This paper considers the case of Angola as an institutionally weak state. It is intended to contribute to the research project Institutionally Weak States: Context, Responsibilities and Responses, undertaken by the Peace, Security and Human Rights department of FRIDE.

The analysis seeks to respond to key questions about Angola posed in the project’s guiding purposes and methodology. These appear in three clusters:

  1. What are the historical taproots of conflict in Angola, and of its weak uneven state and political institutions?
  2. What formal and informal forces and incentives are at work in Angola’s territorial political economy that affect state and political resilience or weakness?
  3. What aspects of the integration of Angola’s political economy into international systems may help explain the persistence of weak state and political institutions?

After addressing these questions, the paper suggests ways European and other international decisionmakers might look afresh at notions of state weakness in general, and at the case of Angola in particular. Studying the Angolan case may contribute to policy about weak states, but perhaps not along customary lines.
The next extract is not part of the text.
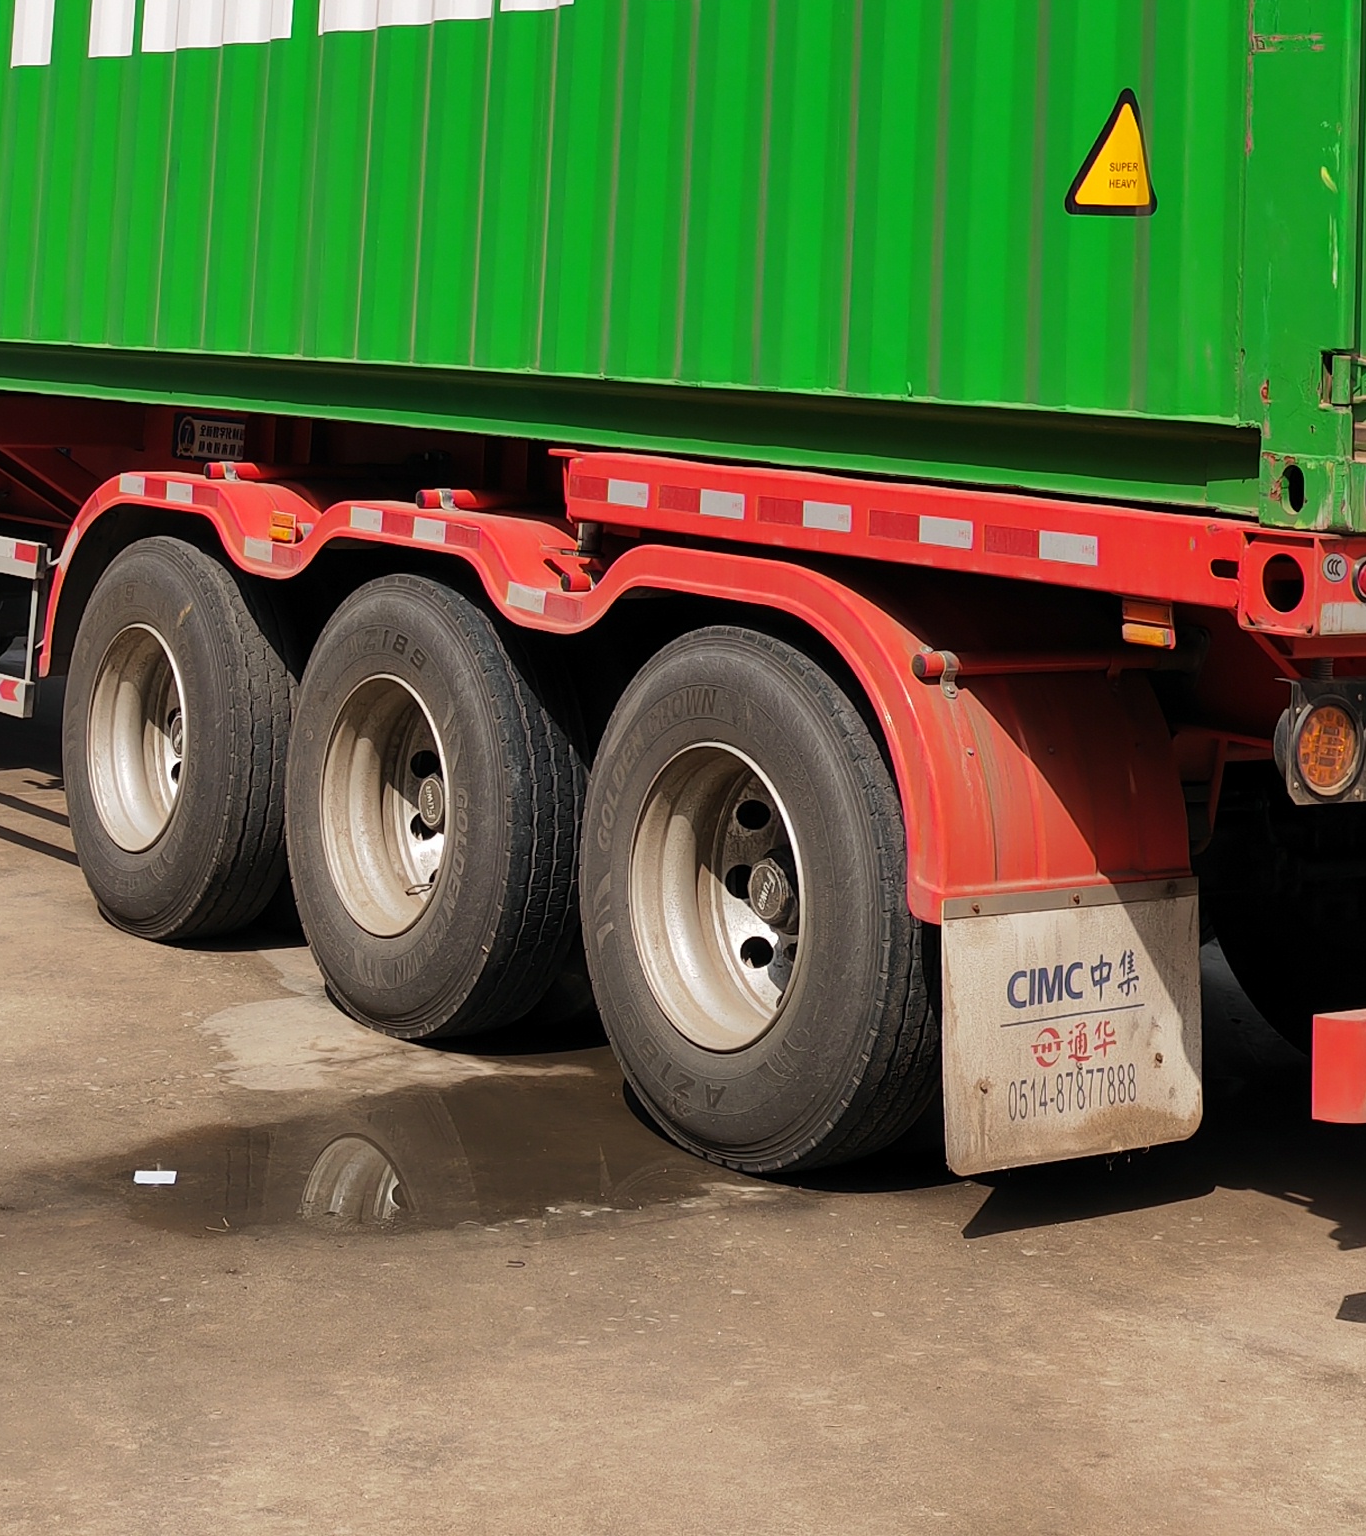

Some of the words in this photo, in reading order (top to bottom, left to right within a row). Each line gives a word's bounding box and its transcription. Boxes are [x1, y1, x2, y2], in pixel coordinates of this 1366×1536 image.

First, the Angolan case suggests the limited value of scoring and ranking states, as if they were commodities or football clubs. For example, influential think-tanks in the USA have classified post-war Angola as a completely ‘failed state’,1 a ‘severe’ case of a lowincome country under stress2 and most recently as a ‘critically weak’ state, 11th of the world’s current worst cases.3 Yet another high-profile forum, Foreign Policy magazine, has for years rated Angola as well outside the ranks of the seriously weak and unstable. Given appeals for clarity and consensus among Western policy elites, this discord and confusion about an important client state is noteworthy.

Second, the Angolan case suggests that confining attention to politics ‘onshore’ leads to explanatory dead-ends. That is because Angola’s political economy is extraverted. Key processes take place ‘offshore’, in supra-national realms. Drawing attention to the extraversion of places like Angola is all the more important because influential ‘expert’ organisations like the World Bank consistently fail to do so.4

Third, Angola’s case suggests the need to probe common assumptions like the ‘resource curse’. Many hold that oil revenues trigger bad politics and instability; among cruder versions is that of a pundit of the Financial Times: ‘The very presence of oil turns law-abiders into thugs, and pushes nations backwards into chaos.’5 Yet recent comparative research finds that oil wealth, on the contrary, tends to stabilise regimes. Hence pursuit of general ‘laws of petro-politics’ is a dead end; it is more useful to look for patterns case by case in their social and historical settings. Angola may show signs of ‘path dependence’, but oil was only one factor laying down the path.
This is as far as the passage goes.